(Saved entries)
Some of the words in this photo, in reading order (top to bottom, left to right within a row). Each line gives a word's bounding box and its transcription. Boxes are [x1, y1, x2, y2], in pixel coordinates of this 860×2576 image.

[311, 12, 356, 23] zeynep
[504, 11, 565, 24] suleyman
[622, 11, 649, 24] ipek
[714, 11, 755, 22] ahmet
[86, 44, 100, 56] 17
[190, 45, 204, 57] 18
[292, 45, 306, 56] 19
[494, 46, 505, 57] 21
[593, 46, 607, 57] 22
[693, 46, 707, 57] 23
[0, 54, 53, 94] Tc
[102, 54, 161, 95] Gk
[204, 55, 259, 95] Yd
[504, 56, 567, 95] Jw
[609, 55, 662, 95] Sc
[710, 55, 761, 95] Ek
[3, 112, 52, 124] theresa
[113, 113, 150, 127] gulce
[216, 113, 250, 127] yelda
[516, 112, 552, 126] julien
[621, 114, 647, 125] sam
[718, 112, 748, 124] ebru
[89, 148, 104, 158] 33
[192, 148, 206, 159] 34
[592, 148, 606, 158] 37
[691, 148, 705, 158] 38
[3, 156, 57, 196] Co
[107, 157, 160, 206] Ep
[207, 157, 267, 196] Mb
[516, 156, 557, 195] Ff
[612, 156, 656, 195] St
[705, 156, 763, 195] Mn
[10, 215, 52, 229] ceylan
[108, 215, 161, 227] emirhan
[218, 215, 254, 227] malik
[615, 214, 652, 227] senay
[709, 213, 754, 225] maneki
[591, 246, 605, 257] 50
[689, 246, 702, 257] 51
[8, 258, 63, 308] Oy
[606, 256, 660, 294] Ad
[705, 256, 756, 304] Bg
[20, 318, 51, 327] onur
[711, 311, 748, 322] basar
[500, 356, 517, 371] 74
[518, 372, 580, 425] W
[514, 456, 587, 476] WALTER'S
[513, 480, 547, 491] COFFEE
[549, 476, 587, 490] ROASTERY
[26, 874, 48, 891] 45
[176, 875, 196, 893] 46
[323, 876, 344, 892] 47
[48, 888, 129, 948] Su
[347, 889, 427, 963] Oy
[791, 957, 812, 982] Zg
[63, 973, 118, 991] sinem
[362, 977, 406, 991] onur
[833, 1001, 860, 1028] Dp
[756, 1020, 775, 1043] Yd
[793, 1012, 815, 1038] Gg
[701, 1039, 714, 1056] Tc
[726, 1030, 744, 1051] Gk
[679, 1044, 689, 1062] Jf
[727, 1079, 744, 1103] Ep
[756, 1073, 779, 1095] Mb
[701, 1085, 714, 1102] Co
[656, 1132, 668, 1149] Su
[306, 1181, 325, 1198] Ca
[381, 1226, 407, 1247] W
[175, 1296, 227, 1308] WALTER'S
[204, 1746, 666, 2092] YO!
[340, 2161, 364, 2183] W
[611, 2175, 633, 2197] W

=== EXERCISE ===
Repeat each record above precisely as written.

=== ANSWER BOX ===
Some of the words in this photo, in reading order (top to bottom, left to right within a row). Each line gives a word's bounding box and its transcription. Boxes are [x1, y1, x2, y2], in pixel coordinates of this 860×2576 image.

[311, 12, 356, 23] zeynep
[504, 11, 565, 24] suleyman
[622, 11, 649, 24] ipek
[714, 11, 755, 22] ahmet
[86, 44, 100, 56] 17
[190, 45, 204, 57] 18
[292, 45, 306, 56] 19
[494, 46, 505, 57] 21
[593, 46, 607, 57] 22
[693, 46, 707, 57] 23
[0, 54, 53, 94] Tc
[102, 54, 161, 95] Gk
[204, 55, 259, 95] Yd
[504, 56, 567, 95] Jw
[609, 55, 662, 95] Sc
[710, 55, 761, 95] Ek
[3, 112, 52, 124] theresa
[113, 113, 150, 127] gulce
[216, 113, 250, 127] yelda
[516, 112, 552, 126] julien
[621, 114, 647, 125] sam
[718, 112, 748, 124] ebru
[89, 148, 104, 158] 33
[192, 148, 206, 159] 34
[592, 148, 606, 158] 37
[691, 148, 705, 158] 38
[3, 156, 57, 196] Co
[107, 157, 160, 206] Ep
[207, 157, 267, 196] Mb
[516, 156, 557, 195] Ff
[612, 156, 656, 195] St
[705, 156, 763, 195] Mn
[10, 215, 52, 229] ceylan
[108, 215, 161, 227] emirhan
[218, 215, 254, 227] malik
[615, 214, 652, 227] senay
[709, 213, 754, 225] maneki
[591, 246, 605, 257] 50
[689, 246, 702, 257] 51
[8, 258, 63, 308] Oy
[606, 256, 660, 294] Ad
[705, 256, 756, 304] Bg
[20, 318, 51, 327] onur
[711, 311, 748, 322] basar
[500, 356, 517, 371] 74
[518, 372, 580, 425] W
[514, 456, 587, 476] WALTER'S
[513, 480, 547, 491] COFFEE
[549, 476, 587, 490] ROASTERY
[26, 874, 48, 891] 45
[176, 875, 196, 893] 46
[323, 876, 344, 892] 47
[48, 888, 129, 948] Su
[347, 889, 427, 963] Oy
[791, 957, 812, 982] Zg
[63, 973, 118, 991] sinem
[362, 977, 406, 991] onur
[833, 1001, 860, 1028] Dp
[756, 1020, 775, 1043] Yd
[793, 1012, 815, 1038] Gg
[701, 1039, 714, 1056] Tc
[726, 1030, 744, 1051] Gk
[679, 1044, 689, 1062] Jf
[727, 1079, 744, 1103] Ep
[756, 1073, 779, 1095] Mb
[701, 1085, 714, 1102] Co
[656, 1132, 668, 1149] Su
[306, 1181, 325, 1198] Ca
[381, 1226, 407, 1247] W
[175, 1296, 227, 1308] WALTER'S
[204, 1746, 666, 2092] YO!
[340, 2161, 364, 2183] W
[611, 2175, 633, 2197] W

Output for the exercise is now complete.